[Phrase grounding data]
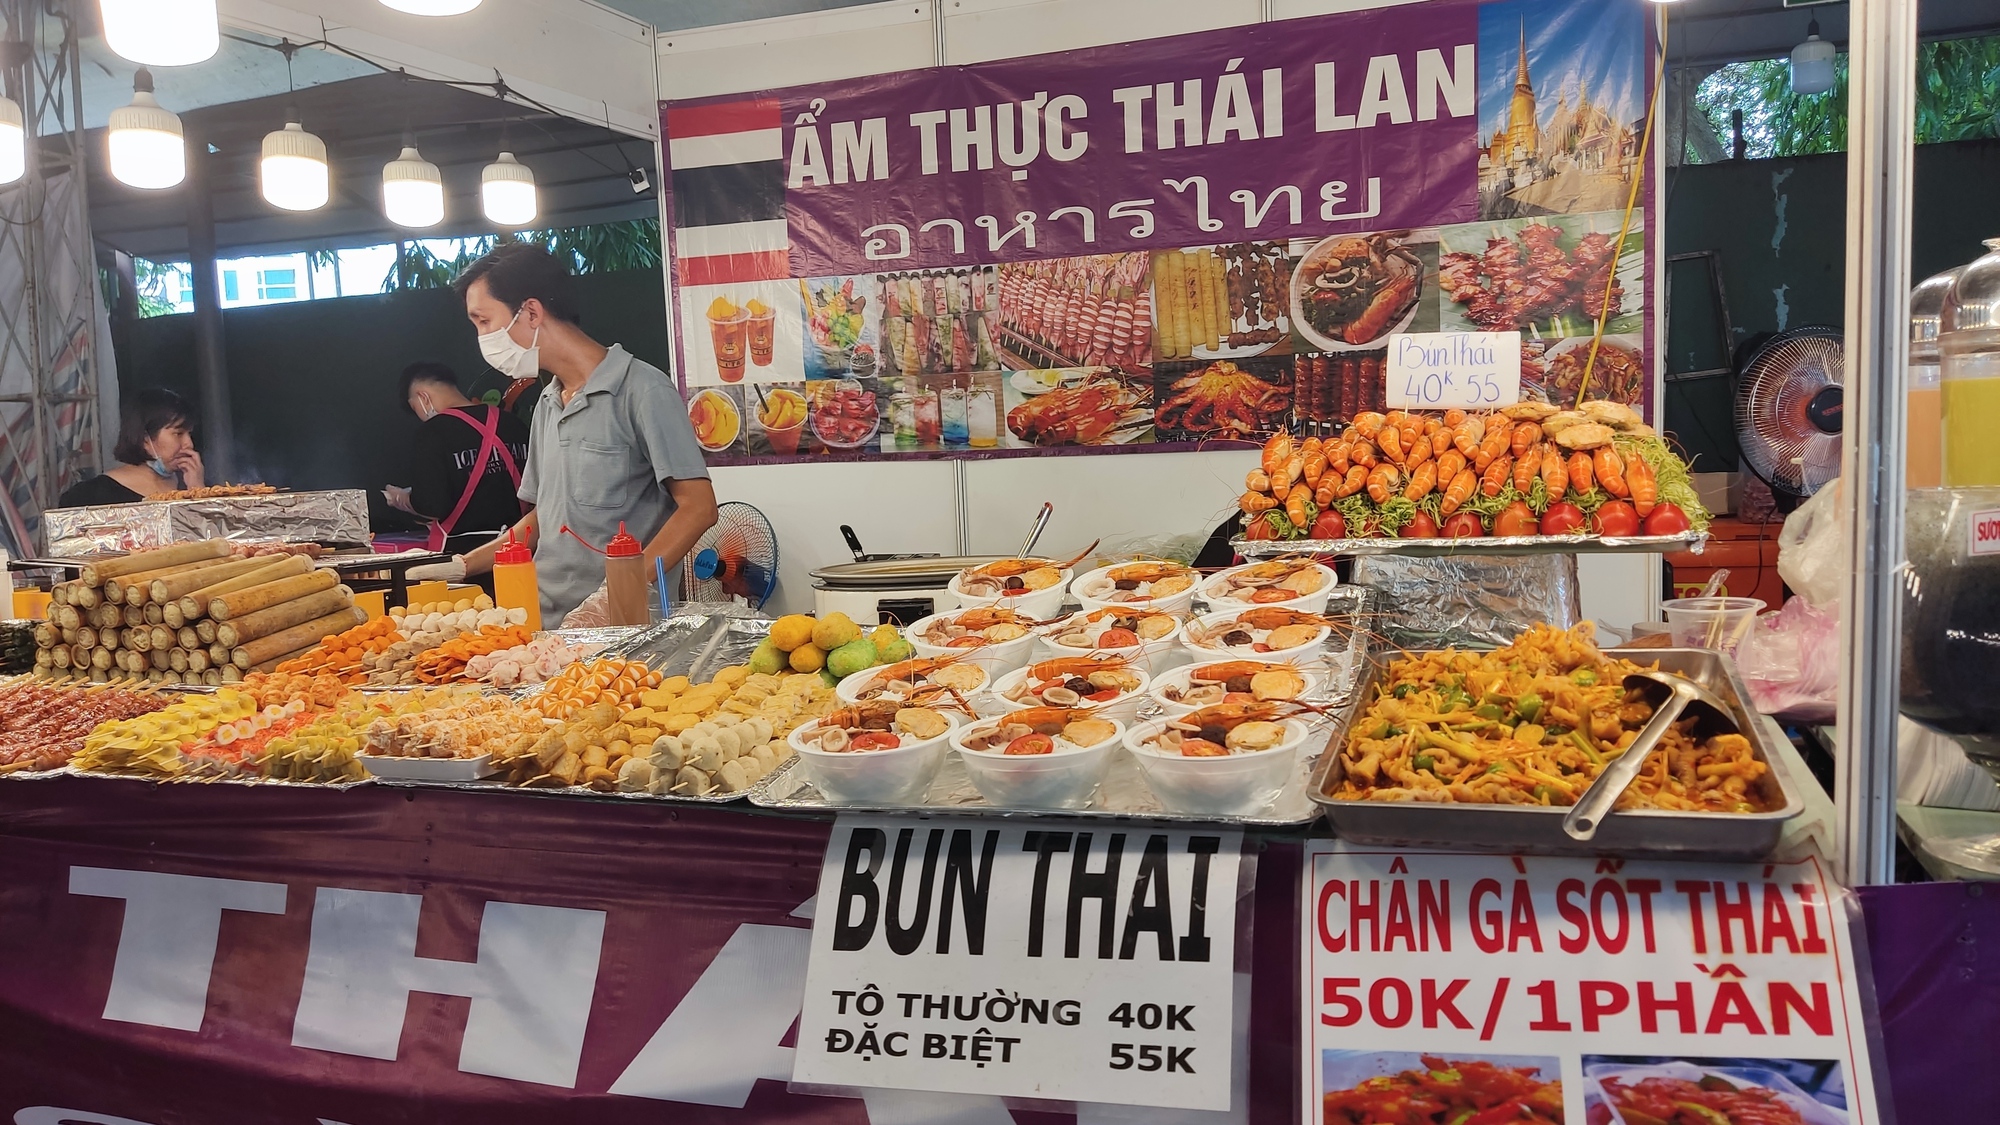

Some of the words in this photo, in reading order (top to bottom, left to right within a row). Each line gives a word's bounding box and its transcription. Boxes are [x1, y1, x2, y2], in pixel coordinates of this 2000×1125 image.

[788, 98, 890, 190] ẨM
[910, 91, 1088, 181] THỰC
[1113, 58, 1284, 154] THÁI
[1314, 43, 1476, 133] LAN
[859, 175, 1382, 262] อาหารไทย
[1398, 336, 1449, 370] Bún
[1446, 333, 1496, 367] Thái
[1317, 856, 1451, 955] CHÂN
[1468, 855, 1543, 956] GÀ
[1558, 857, 1662, 956] SỐT
[1675, 864, 1828, 955] THÁI
[831, 983, 885, 1018] TÔ
[897, 988, 1082, 1027] THƯỜNG
[1108, 1002, 1197, 1032] 40K
[824, 1022, 909, 1062] ĐẶC
[922, 1027, 1021, 1069] BIỆT
[1108, 1043, 1197, 1075] 55K

■ **TASK STATEMENT**:
Images must not appear; print each record precisely as it reads.

■ **ANSWER FOR THE TASK**:
Some of the words in this photo, in reading order (top to bottom, left to right within a row). Each line gives a word's bounding box and its transcription. Boxes are [x1, y1, x2, y2], in pixel coordinates of this 2000×1125 image.

[788, 98, 890, 190] ẨM
[910, 91, 1088, 181] THỰC
[1113, 58, 1284, 154] THÁI
[1314, 43, 1476, 133] LAN
[859, 175, 1382, 262] อาหารไทย
[1398, 336, 1449, 370] Bún
[1446, 333, 1496, 367] Thái
[1317, 856, 1451, 955] CHÂN
[1468, 855, 1543, 956] GÀ
[1558, 857, 1662, 956] SỐT
[1675, 864, 1828, 955] THÁI
[831, 983, 885, 1018] TÔ
[897, 988, 1082, 1027] THƯỜNG
[1108, 1002, 1197, 1032] 40K
[824, 1022, 909, 1062] ĐẶC
[922, 1027, 1021, 1069] BIỆT
[1108, 1043, 1197, 1075] 55K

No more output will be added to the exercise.